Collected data
========================================

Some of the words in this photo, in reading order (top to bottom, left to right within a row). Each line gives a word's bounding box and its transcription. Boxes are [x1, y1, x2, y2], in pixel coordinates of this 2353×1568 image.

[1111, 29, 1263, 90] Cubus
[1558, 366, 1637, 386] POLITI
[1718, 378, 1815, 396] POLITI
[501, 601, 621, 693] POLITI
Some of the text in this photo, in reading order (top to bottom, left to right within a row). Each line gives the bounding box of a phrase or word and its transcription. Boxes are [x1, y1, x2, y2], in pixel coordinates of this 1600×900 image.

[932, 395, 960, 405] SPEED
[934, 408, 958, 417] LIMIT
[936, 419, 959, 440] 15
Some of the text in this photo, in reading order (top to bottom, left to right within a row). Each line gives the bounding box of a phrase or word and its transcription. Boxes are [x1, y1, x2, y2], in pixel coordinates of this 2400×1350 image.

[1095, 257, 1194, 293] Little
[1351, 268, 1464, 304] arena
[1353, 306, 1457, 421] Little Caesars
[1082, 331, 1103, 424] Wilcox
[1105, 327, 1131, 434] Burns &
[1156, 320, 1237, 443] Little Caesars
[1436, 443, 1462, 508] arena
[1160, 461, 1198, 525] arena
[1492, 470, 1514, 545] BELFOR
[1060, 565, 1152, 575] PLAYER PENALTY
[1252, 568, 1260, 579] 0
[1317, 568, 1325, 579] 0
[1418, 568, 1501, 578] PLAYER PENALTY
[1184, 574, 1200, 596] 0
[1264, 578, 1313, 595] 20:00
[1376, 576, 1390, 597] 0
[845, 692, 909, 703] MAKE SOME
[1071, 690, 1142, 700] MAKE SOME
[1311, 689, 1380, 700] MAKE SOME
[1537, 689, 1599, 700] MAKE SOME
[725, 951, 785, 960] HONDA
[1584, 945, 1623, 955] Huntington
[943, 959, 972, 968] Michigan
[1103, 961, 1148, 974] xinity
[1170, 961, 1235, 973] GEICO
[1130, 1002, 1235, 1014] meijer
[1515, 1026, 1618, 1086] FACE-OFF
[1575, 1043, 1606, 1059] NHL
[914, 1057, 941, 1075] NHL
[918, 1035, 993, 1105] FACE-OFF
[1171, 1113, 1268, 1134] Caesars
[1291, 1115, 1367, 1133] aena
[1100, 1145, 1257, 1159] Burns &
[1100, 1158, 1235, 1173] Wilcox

========================================

> Exercise description: Write out each line exactly, starting with the line that contains "this 2400×1350 image." and stopping after the last line of the data.

> Result of this task:
Some of the text in this photo, in reading order (top to bottom, left to right within a row). Each line gives the bounding box of a phrase or word and its transcription. Boxes are [x1, y1, x2, y2], in pixel coordinates of this 2400×1350 image.

[1095, 257, 1194, 293] Little
[1351, 268, 1464, 304] arena
[1353, 306, 1457, 421] Little Caesars
[1082, 331, 1103, 424] Wilcox
[1105, 327, 1131, 434] Burns &
[1156, 320, 1237, 443] Little Caesars
[1436, 443, 1462, 508] arena
[1160, 461, 1198, 525] arena
[1492, 470, 1514, 545] BELFOR
[1060, 565, 1152, 575] PLAYER PENALTY
[1252, 568, 1260, 579] 0
[1317, 568, 1325, 579] 0
[1418, 568, 1501, 578] PLAYER PENALTY
[1184, 574, 1200, 596] 0
[1264, 578, 1313, 595] 20:00
[1376, 576, 1390, 597] 0
[845, 692, 909, 703] MAKE SOME
[1071, 690, 1142, 700] MAKE SOME
[1311, 689, 1380, 700] MAKE SOME
[1537, 689, 1599, 700] MAKE SOME
[725, 951, 785, 960] HONDA
[1584, 945, 1623, 955] Huntington
[943, 959, 972, 968] Michigan
[1103, 961, 1148, 974] xinity
[1170, 961, 1235, 973] GEICO
[1130, 1002, 1235, 1014] meijer
[1515, 1026, 1618, 1086] FACE-OFF
[1575, 1043, 1606, 1059] NHL
[914, 1057, 941, 1075] NHL
[918, 1035, 993, 1105] FACE-OFF
[1171, 1113, 1268, 1134] Caesars
[1291, 1115, 1367, 1133] aena
[1100, 1145, 1257, 1159] Burns &
[1100, 1158, 1235, 1173] Wilcox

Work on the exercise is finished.